BEGIN Given entries

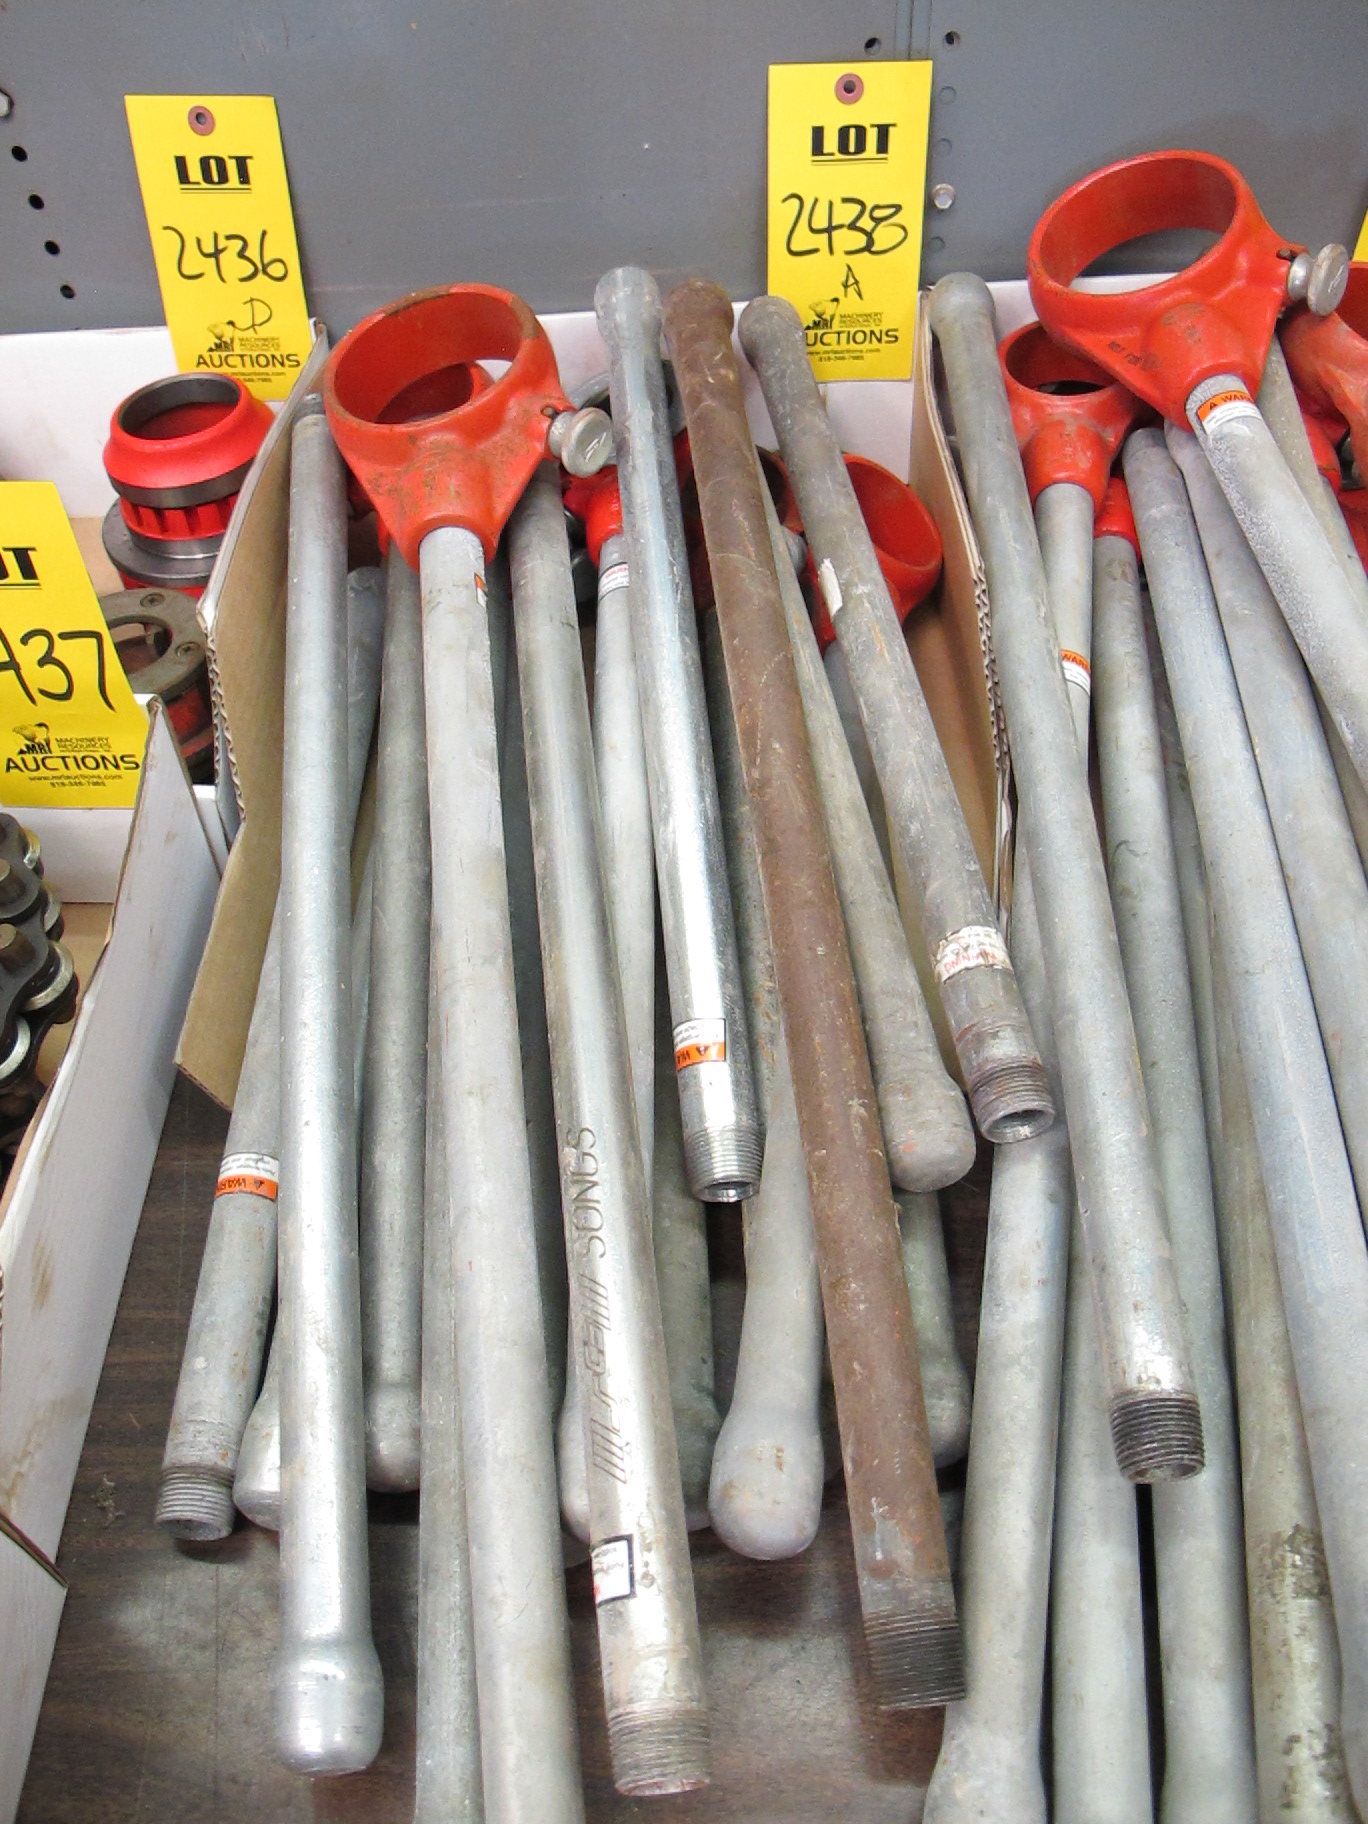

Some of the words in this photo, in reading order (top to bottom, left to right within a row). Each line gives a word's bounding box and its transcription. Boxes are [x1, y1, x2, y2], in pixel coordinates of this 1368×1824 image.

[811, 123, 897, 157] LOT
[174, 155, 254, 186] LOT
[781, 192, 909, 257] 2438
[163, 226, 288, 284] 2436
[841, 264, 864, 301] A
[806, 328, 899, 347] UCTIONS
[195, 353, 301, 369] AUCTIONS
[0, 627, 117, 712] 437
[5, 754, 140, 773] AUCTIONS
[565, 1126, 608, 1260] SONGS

END Given entries

• **Work item**
If an entry holds a picture, skip the picture and print the rest of the data exactly.

• **Reply to the exercise**
Some of the words in this photo, in reading order (top to bottom, left to right within a row). Each line gives a word's bounding box and its transcription. Boxes are [x1, y1, x2, y2], in pixel coordinates of this 1368×1824 image.

[811, 123, 897, 157] LOT
[174, 155, 254, 186] LOT
[781, 192, 909, 257] 2438
[163, 226, 288, 284] 2436
[841, 264, 864, 301] A
[806, 328, 899, 347] UCTIONS
[195, 353, 301, 369] AUCTIONS
[0, 627, 117, 712] 437
[5, 754, 140, 773] AUCTIONS
[565, 1126, 608, 1260] SONGS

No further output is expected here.